The objective of this book is twofold: to help clarify the basic concepts behind many data mining techniques in an easy-to-follow manner, and to prepare anyone with a basic grasp of mathematics to implement these techniques in their business without the need to write any lines of programming code. While there are many commercial data mining tools available to implement algorithms and develop applications, the approach to solving a data mining problem is similar. We wanted to pick a fully functional, open source, graphical user interface (GUI)-based data mining tool so readers can follow the concepts and in parallel implement data mining algorithms. RapidMiner, a leading data mining and predictive analytics platform, fit the bill and thus we use it as a companion tool to implement the data mining algorithms introduced in every chapter. The best part of this tool is that it is also open source, which means learning data mining with this tool is virtually free of cost other than the time you invest.

Who Can Use This Book?

The content and practical use cases described in this book are geared towards business and analytics professionals who use data in everyday work settings. The reader of the book will get a comprehensive understanding of different data mining techniques that can be used for prediction and for discovering patterns, be prepared to select the right technique for a given data problem, and will be able to create a general purpose analytics process.
We have tried to follow a logical process to describe this body of knowledge. Our focus has been on introducing about 20 or so key algorithms that are in widespread use today. We present these algorithms in following framework:
1. A high-level practical use case for each algorithm.

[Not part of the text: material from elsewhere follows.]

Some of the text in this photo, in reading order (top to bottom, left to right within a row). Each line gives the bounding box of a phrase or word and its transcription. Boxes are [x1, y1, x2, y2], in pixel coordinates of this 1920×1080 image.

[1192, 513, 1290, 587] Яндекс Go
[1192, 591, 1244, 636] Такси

2. An explanation of how the algorithm works in plain language. Many algorithms have a strong foundation in statistics and/or computer science. In our descriptions, we have tried to strike a balance between being academically rigorous and being accessible to a wider audience who don’t necessarily have a mathematics background.

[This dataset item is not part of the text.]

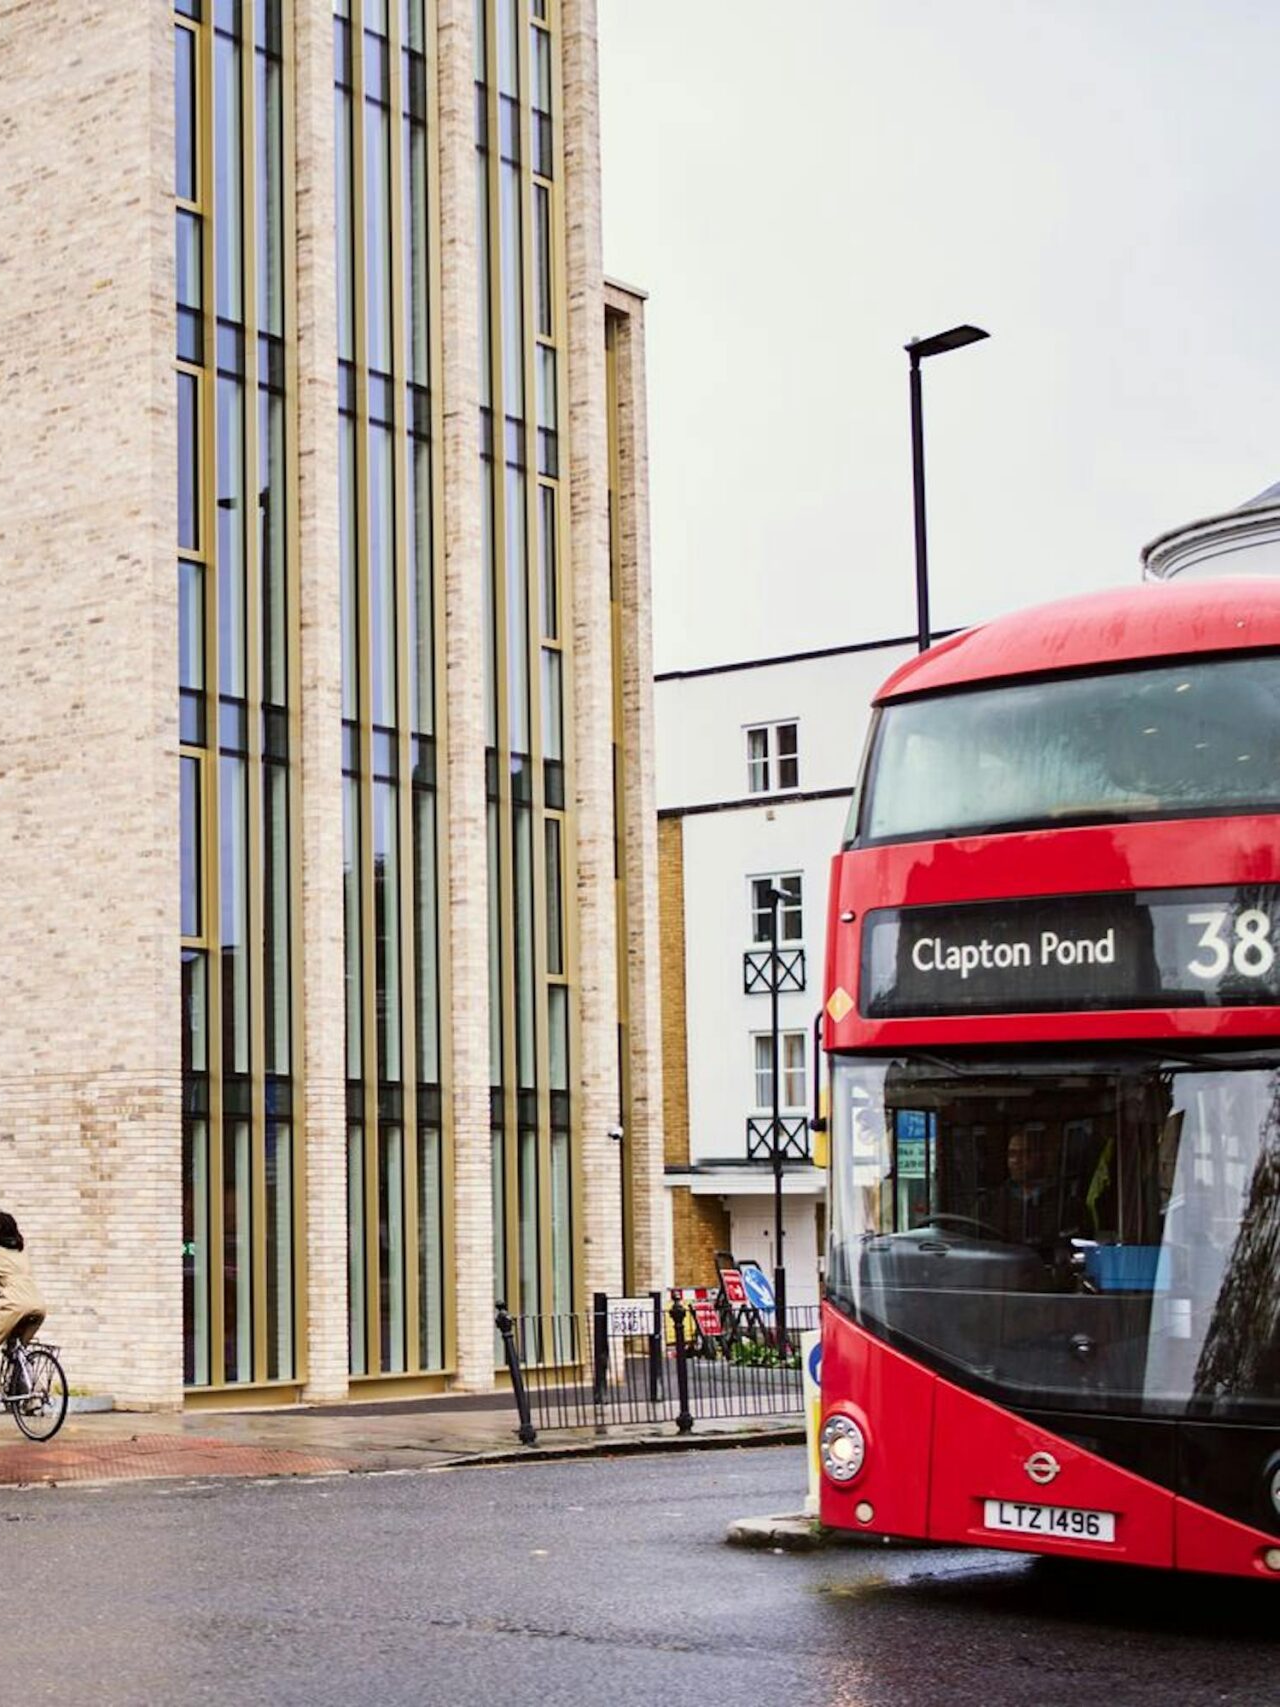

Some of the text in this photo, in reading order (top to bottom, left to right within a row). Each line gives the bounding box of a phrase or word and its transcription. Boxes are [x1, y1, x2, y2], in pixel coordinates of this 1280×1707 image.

[912, 928, 1116, 979] Clapton Pond
[1187, 909, 1274, 979] 38
[999, 1501, 1100, 1536] LTZ 1496

3. A detailed review of using RapidMiner to implement the algorithm, by describing the commonly used setup options. If possible, we expand the use case introduced at the beginning of the section to demonstrate the process by following a set format: we describe a problem, outline the objectives, apply the algorithm described in the chapter, interpret the results, and deploy the model. Finally, this book is neither a RapidMiner user manual nor a simple cookbook, although a recipe format is adopted for applications.
Analysts, finance, marketing, and business professionals, or anyone who analyzes data, most likely will use these advanced analytics techniques in their job either now or in the near future. For business executives who are one step removed from the actual analysis of data, it is important to know what is possible and not possible with these advanced techniques so they can ask the right questions and set proper expectations. While basic spreadsheet analyses and traditional slicing and dicing of data through standard business intelligence tools will continue to form the foundations of data exploration in business, especially for past data, data mining and predictive analytics are necessary to establish the full edifice of data analytics in business. Commercial data mining and predictive analytics software tools facilitate this by offering simple GUIs and by focusing on applications instead of on the inner workings of the algorithms. Our key motivation is to enable the spread of predictive analytics and data mining to a wider audience by providing both conceptual framework and a practical “how-to” guide in implementing essential algorithms. We hope that this book will help with this objective.